Researchers compared the two approaches in a prospective cohort study involving 1,003 men referred to the National Cancer Institute during a 7-year period for evaluation of suspected prostate cancer. All the study participants had an elevated PSA or abnormal findings on digital rectal exam plus a multiparametric MRI showing at least 1 lesion in the prostate, said Dr. M. Minhaj Siddiqui of the urologic oncology branch, National Cancer Institute, Bethesda, Md., and his associates.
All the patients underwent both standard extended-sextant ultrasound-guided biopsy and targeted magnetic resonance/ultrasound fusion biopsy at the same visit. The latter technique involves electronically superimposing multiparametric MR images in real time onto transrectal ultrasound images, which improves spatial localization and capture of location in three planes. The lesions were separately categorized as low-risk, intermediate-risk, or high-risk by highly experienced genitourinary radiologists.
The two image-guided biopsy techniques agreed on these classifications in 69% of cases and identified a similar number of cancers. However, targeted biopsy detected 173 high-risk tumors, compared with only 122 identified on standard biopsy, and targeted biopsy detected 213 low-risk tumors, compared with 258 identified on standard biopsy. In a subset of 170 cases, these biopsy results could be compared against pathology found at whole-gland prostatectomy. Targeted biopsy proved to be much more accurate than standard biopsy, with sensitivities of 77% and 53%, respectively, the investigators said (JAMA 2015 Jan. 27 [doi:10.1001/jama.2014.17942]).
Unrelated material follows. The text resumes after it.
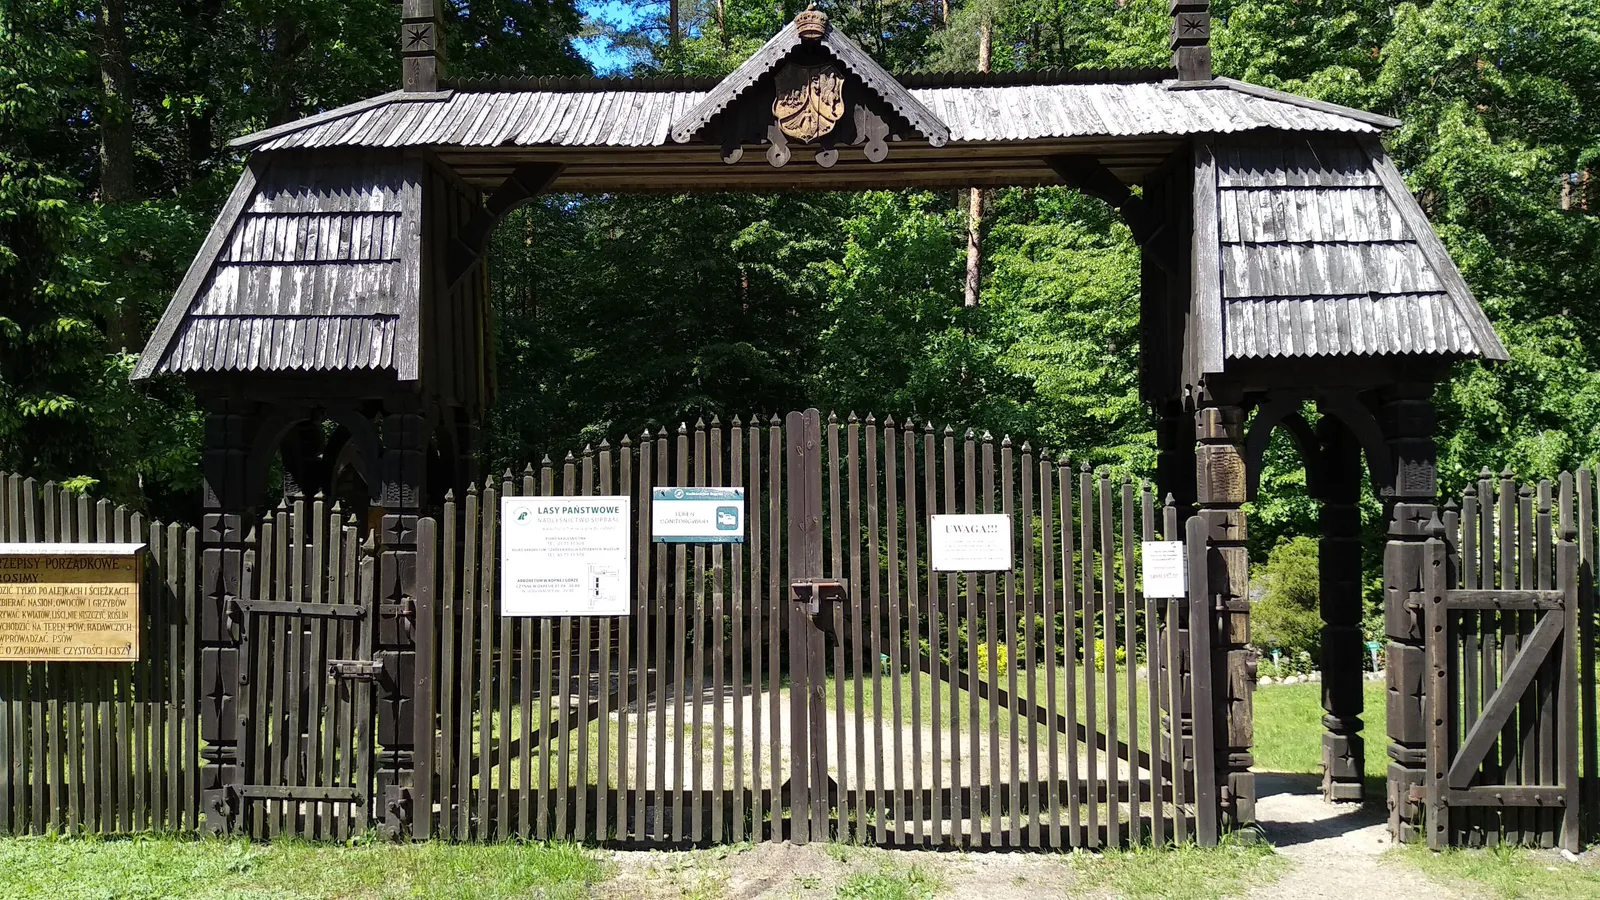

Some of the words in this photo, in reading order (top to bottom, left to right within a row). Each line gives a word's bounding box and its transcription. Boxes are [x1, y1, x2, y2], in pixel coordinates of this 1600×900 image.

These findings show that targeted biopsy “could significantly change the distribution of risk in men newly diagnosed with prostate cancer toward diagnosis of more high-risk disease. Although these improvements in risk stratification could translate into substantial clinical benefits, it is important to recognize that this study is preliminary” and didn’t include clinical end points such as cancer recurrence or prostate cancer–specific mortality, Dr. Siddiqui and his associates said.